Civilizations est d’un genre étrange, hybride. Il s’agit en réalité d’une uchronie qui mélange donc faits réels et inventés.

Laurent Binet réalise ici une performance. Il réécrit l’Histoire d’une façon impressionnante, partant du principe que les peuples d’Amérique Latine que les Occidentaux ont conquis sortent vainqueurs de ces combats. Son récit est découpé en quatre parties.
Il commence par narrer les exploits des Groenlandais qui se dirigent vers le Sud, toujours plus au Sud, vers l’Argentine et sa terre de feu, colonisant certaines îles, mêlant leurs croyances à celles des autochtones.
Il est ensuite question de Christophe Colomb : son journal de bord imaginaire nous est donné à lire, rédigé d’une façon poussiéreuse supposée représenter le français d’alors. Il raconte sa défaite face aux Cubains qui continuent à prier Thor, leurs divinités s’étant mélangées aux dieux nordiques. Colomb nous confie aussi qu’il s’est transformé en une sorte de fou du roi, assurant malgré tout l’apprentissage du castillan à la fille de la reine, Higuénamota.
Dans la troisième partie, Higuénamota est adulte et rencontre l’empereur Inca, Atahualpa, qui l’emmènera avec lui en Europe, faisant d’elle sa maîtresse et son interprète…
Enfin, Binet suit les traces de Cervantès, le célèbre auteur espagnol, dans ses péripéties. L’auteur le fera rencontrer au cours de ses voyages Domínikos Theotokópoulos, plus connu sous le nom de Le Greco, ces deux artistes représentant en réalité les deux visages de l’Espagne de l’époque d’après plusieurs critiques et chercheurs.

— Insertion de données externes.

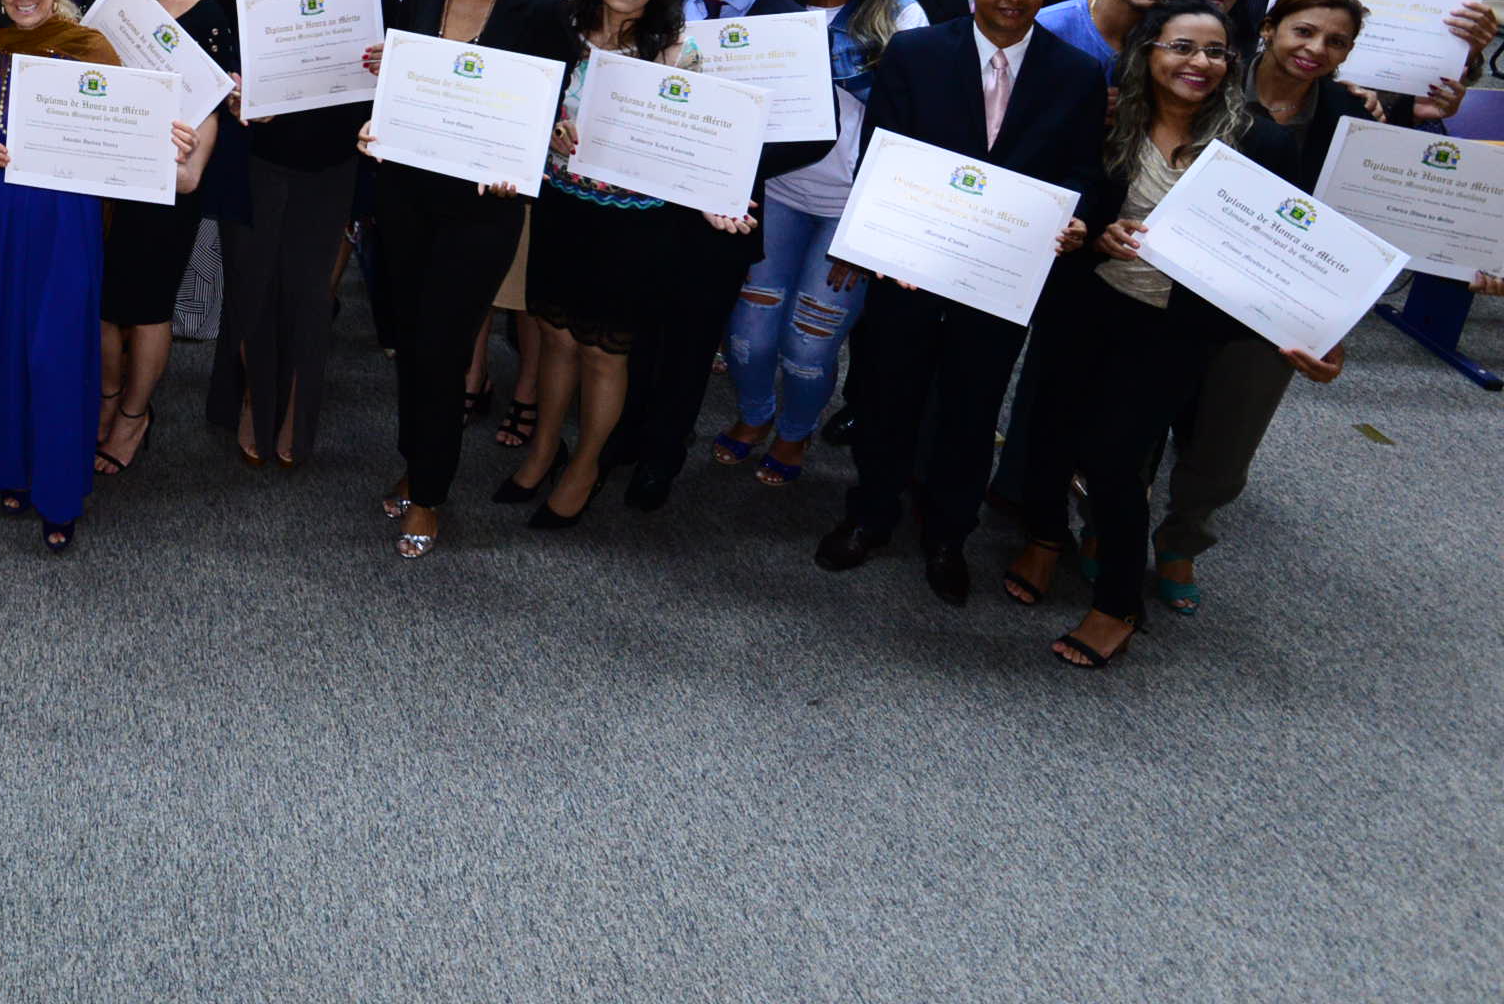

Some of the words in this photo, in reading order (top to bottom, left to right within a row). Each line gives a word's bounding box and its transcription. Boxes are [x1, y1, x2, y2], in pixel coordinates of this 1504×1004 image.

[70, 97, 79, 108] de
[645, 99, 657, 111] de
[1362, 158, 1404, 176] Diploma
[1405, 166, 1417, 178] de
[1421, 169, 1453, 185] Honra
[1455, 176, 1467, 188] ao
[1215, 186, 1256, 218] Diploma
[1255, 210, 1269, 226] de
[1269, 218, 1302, 245] Honra
[1301, 237, 1315, 253] ao
[1315, 246, 1352, 275] Mérito
[1287, 245, 1298, 256] de

C’est dans la troisième fraction du livre, la plus longue, que le talent de Binet se dévoile tout entier. En effet, il parvient à croiser son histoire et la vraie Histoire, les dynasties de rois et les grandes familles (les Hasbourg, les Médicis notamment) se confondant avec celle de l’Inca qui prend peu à peu la place de Charles Quint. Des personnages historiques majeurs (Pedro Pizarro, conquistador, devenant ici page d’Higuénamota) sont travestis. Au contraire de nombreux romans qui jouent avec l’Histoire, il est ici assez facile de séparer le vrai du faux. L’auteur parvient à expliquer les tensions religieuses, le protestantisme, les désaccords, les trahisons, se plaçant du point de vue sud-américain, et donc profane, étranger à toutes les coutumes européennes. Les mots employés sont simples et les choses sont bien souvent expliquées de façon imagée – ce qui finira d’ailleurs par lasser le lecteur.

Il faut au moins une soixantaine de pages pour commencer à prendre plaisir à découvrir l’Histoire sous un nouveau jour, apprenant des choses tout en réfléchissant à ce qui aurait pu se passer si le culte du Soleil avait gagné l’Occident, si les Incas et plus tard les Mexicains avaient débarqué en Europe, important par la même occasion leurs croyances et leur tolérance. Malgré tout, c’est une lecture très exigeante, qui demande une certaine connaissance historique pour pouvoir être appréciée un tant soit peu. Certains passages semblent un peu longs et les débuts des parties sont également fastidieux : beaucoup de personnages sont introduits en peu de lignes, certains n’étant pas présents (ou peu) dans le reste du récit.

On soulignera malgré tout cette prouesse de Laurent Binet… prouesse qui lui a valu le Prix de l’Académie Française 2019.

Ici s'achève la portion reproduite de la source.